=== TASK TO COMPLETE ===
Reproduce the records below in full and word for word, excluding pictures.

=== GIVEN RECORDS ===
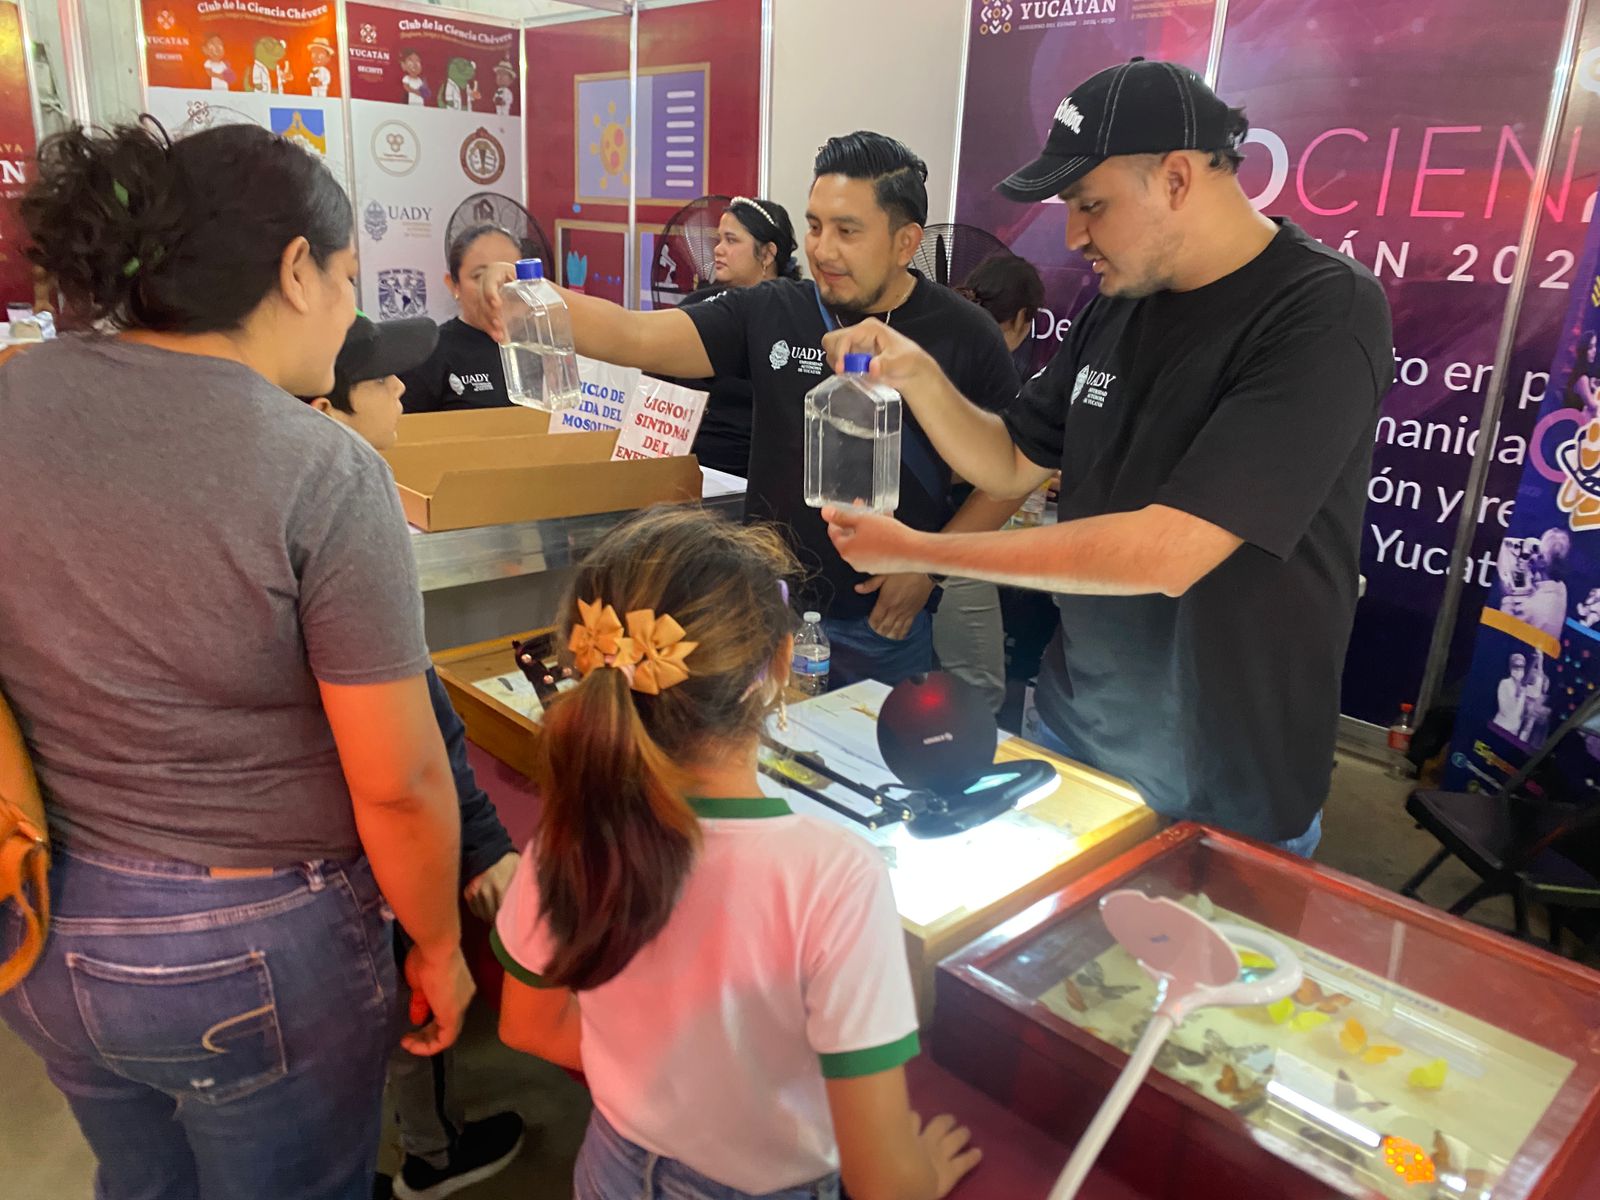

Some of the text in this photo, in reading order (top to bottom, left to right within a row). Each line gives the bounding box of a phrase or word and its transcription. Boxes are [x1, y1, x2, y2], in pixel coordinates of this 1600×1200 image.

[197, 1, 221, 13] Club
[222, 0, 235, 10] de
[247, 2, 286, 18] Ciencia
[398, 19, 420, 30] Club
[421, 19, 433, 30] de
[434, 21, 443, 31] la
[444, 24, 477, 41] Ciencia
[387, 206, 433, 221] UADY
[791, 346, 827, 361] UADY
[460, 373, 489, 385] UADY
[610, 388, 626, 404] DE
[602, 404, 623, 423] DEL
[1436, 486, 1465, 523] y

=== WRITTEN ANSWER ===
Some of the text in this photo, in reading order (top to bottom, left to right within a row). Each line gives the bounding box of a phrase or word and its transcription. Boxes are [x1, y1, x2, y2], in pixel coordinates of this 1600×1200 image.

[197, 1, 221, 13] Club
[222, 0, 235, 10] de
[247, 2, 286, 18] Ciencia
[398, 19, 420, 30] Club
[421, 19, 433, 30] de
[434, 21, 443, 31] la
[444, 24, 477, 41] Ciencia
[387, 206, 433, 221] UADY
[791, 346, 827, 361] UADY
[460, 373, 489, 385] UADY
[610, 388, 626, 404] DE
[602, 404, 623, 423] DEL
[1436, 486, 1465, 523] y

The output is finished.